---------- THE DATA ----------

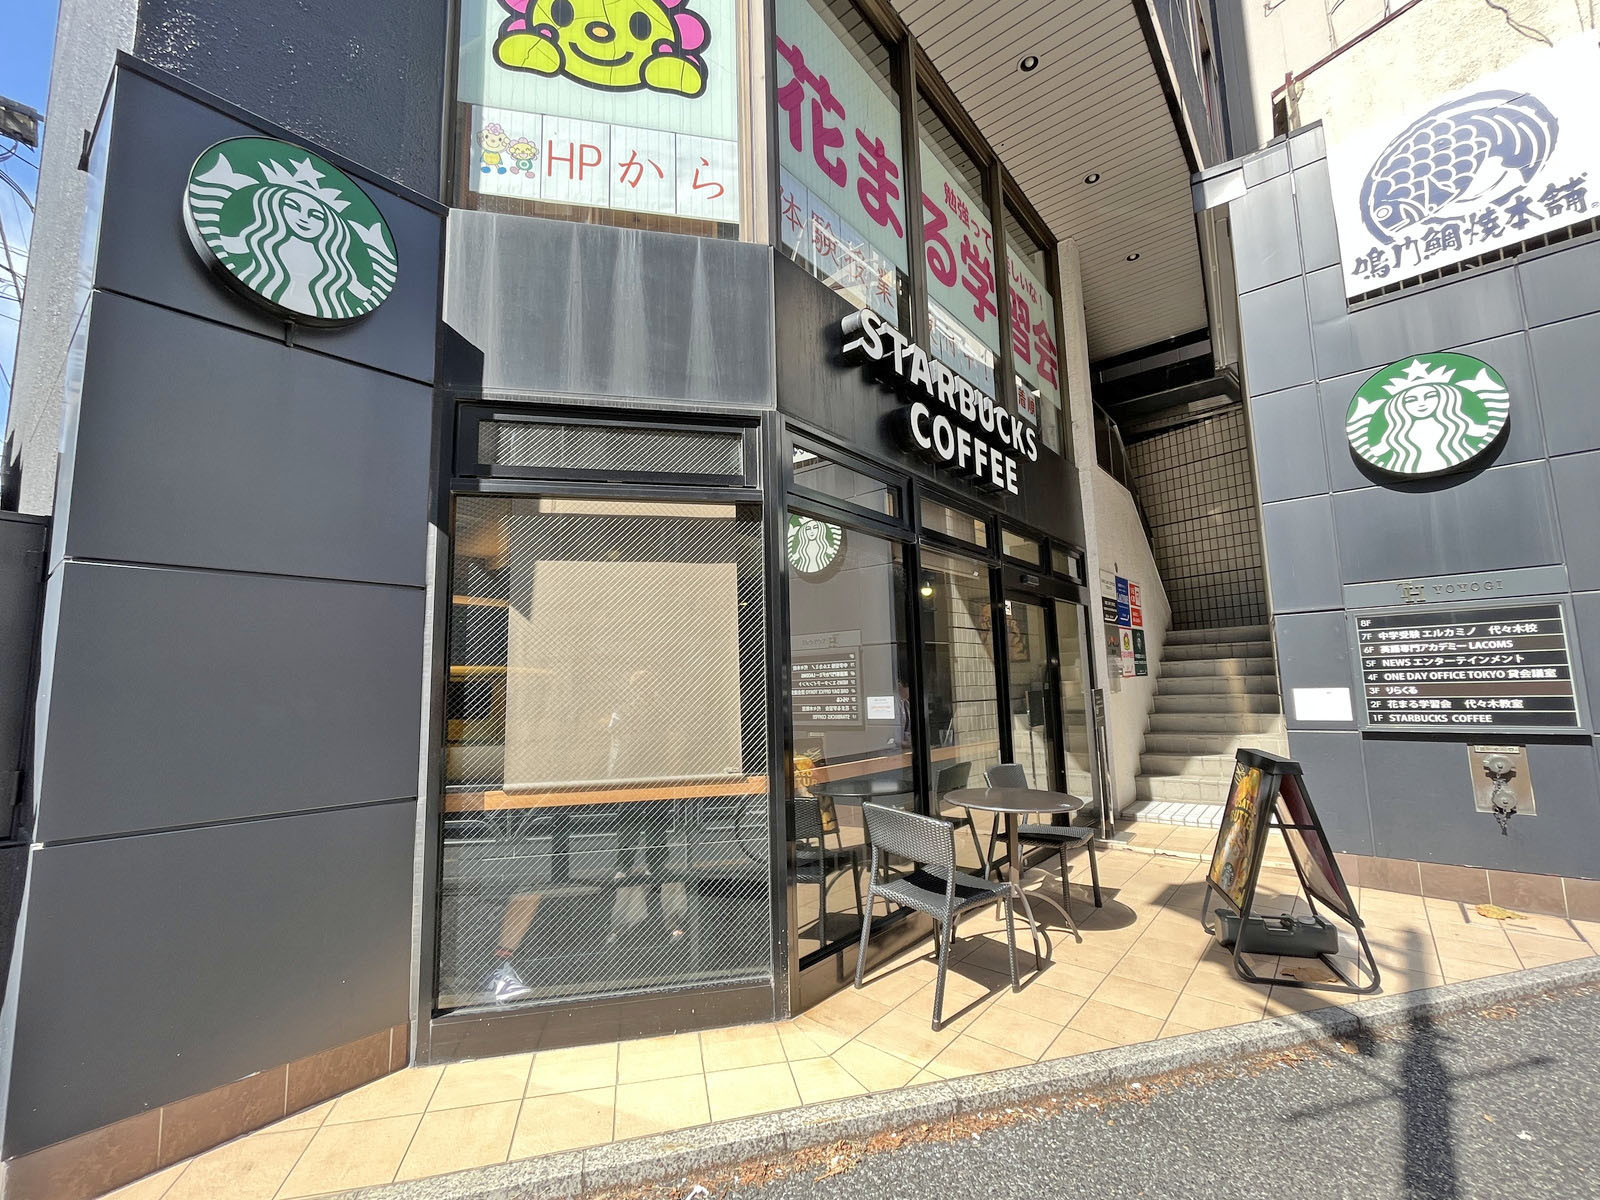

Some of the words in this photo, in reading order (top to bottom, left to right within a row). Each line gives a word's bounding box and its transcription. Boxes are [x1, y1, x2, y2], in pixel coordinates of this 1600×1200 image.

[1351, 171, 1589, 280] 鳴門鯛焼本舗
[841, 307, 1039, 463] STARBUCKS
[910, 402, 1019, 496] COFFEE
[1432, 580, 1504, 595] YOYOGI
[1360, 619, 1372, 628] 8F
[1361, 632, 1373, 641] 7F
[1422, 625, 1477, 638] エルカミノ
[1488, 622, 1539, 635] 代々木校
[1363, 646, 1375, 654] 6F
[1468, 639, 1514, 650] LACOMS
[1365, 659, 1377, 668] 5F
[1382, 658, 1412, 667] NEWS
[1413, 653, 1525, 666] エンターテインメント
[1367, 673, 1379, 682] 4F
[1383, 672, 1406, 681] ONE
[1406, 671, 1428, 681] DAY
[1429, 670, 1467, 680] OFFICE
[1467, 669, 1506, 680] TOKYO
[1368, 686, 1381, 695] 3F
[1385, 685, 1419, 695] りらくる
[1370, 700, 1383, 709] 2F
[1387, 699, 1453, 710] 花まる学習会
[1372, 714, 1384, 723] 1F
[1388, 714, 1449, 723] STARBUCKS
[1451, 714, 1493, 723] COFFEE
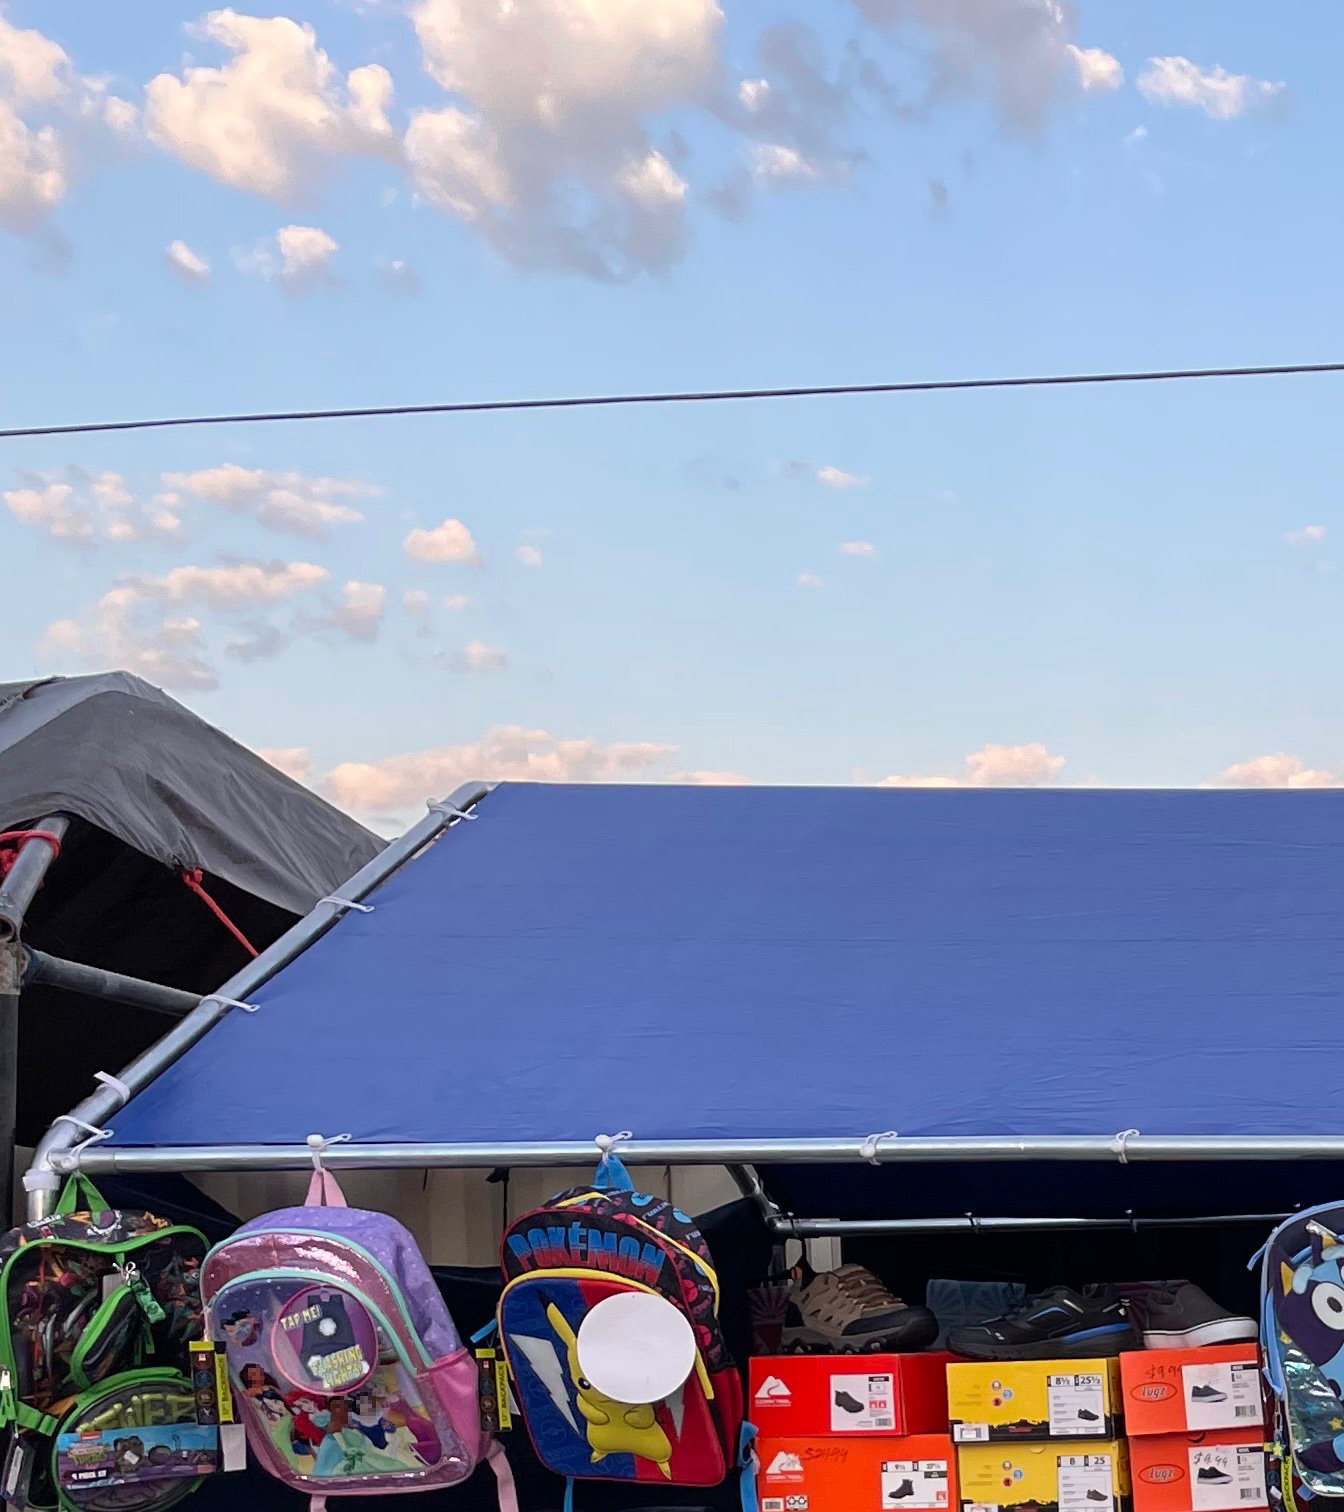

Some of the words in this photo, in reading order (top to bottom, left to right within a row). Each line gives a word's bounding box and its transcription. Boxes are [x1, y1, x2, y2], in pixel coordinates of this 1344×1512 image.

----------

*WHAT TO WORK ON*. The answer should be the records above, unchanged, with the pictures omitted.

*RESULT FOR THIS TASK*.
Some of the words in this photo, in reading order (top to bottom, left to right within a row). Each line gives a word's bounding box and its transcription. Boxes are [x1, y1, x2, y2], in pixel coordinates of this 1600×1200 image.

[1351, 171, 1589, 280] 鳴門鯛焼本舗
[841, 307, 1039, 463] STARBUCKS
[910, 402, 1019, 496] COFFEE
[1432, 580, 1504, 595] YOYOGI
[1360, 619, 1372, 628] 8F
[1361, 632, 1373, 641] 7F
[1422, 625, 1477, 638] エルカミノ
[1488, 622, 1539, 635] 代々木校
[1363, 646, 1375, 654] 6F
[1468, 639, 1514, 650] LACOMS
[1365, 659, 1377, 668] 5F
[1382, 658, 1412, 667] NEWS
[1413, 653, 1525, 666] エンターテインメント
[1367, 673, 1379, 682] 4F
[1383, 672, 1406, 681] ONE
[1406, 671, 1428, 681] DAY
[1429, 670, 1467, 680] OFFICE
[1467, 669, 1506, 680] TOKYO
[1368, 686, 1381, 695] 3F
[1385, 685, 1419, 695] りらくる
[1370, 700, 1383, 709] 2F
[1387, 699, 1453, 710] 花まる学習会
[1372, 714, 1384, 723] 1F
[1388, 714, 1449, 723] STARBUCKS
[1451, 714, 1493, 723] COFFEE

Some of the words in this photo, in reading order (top to bottom, left to right within a row). Each line gives a word's bounding box and its transcription. Boxes are [x1, y1, x2, y2], in pixel coordinates of this 1344×1512 image.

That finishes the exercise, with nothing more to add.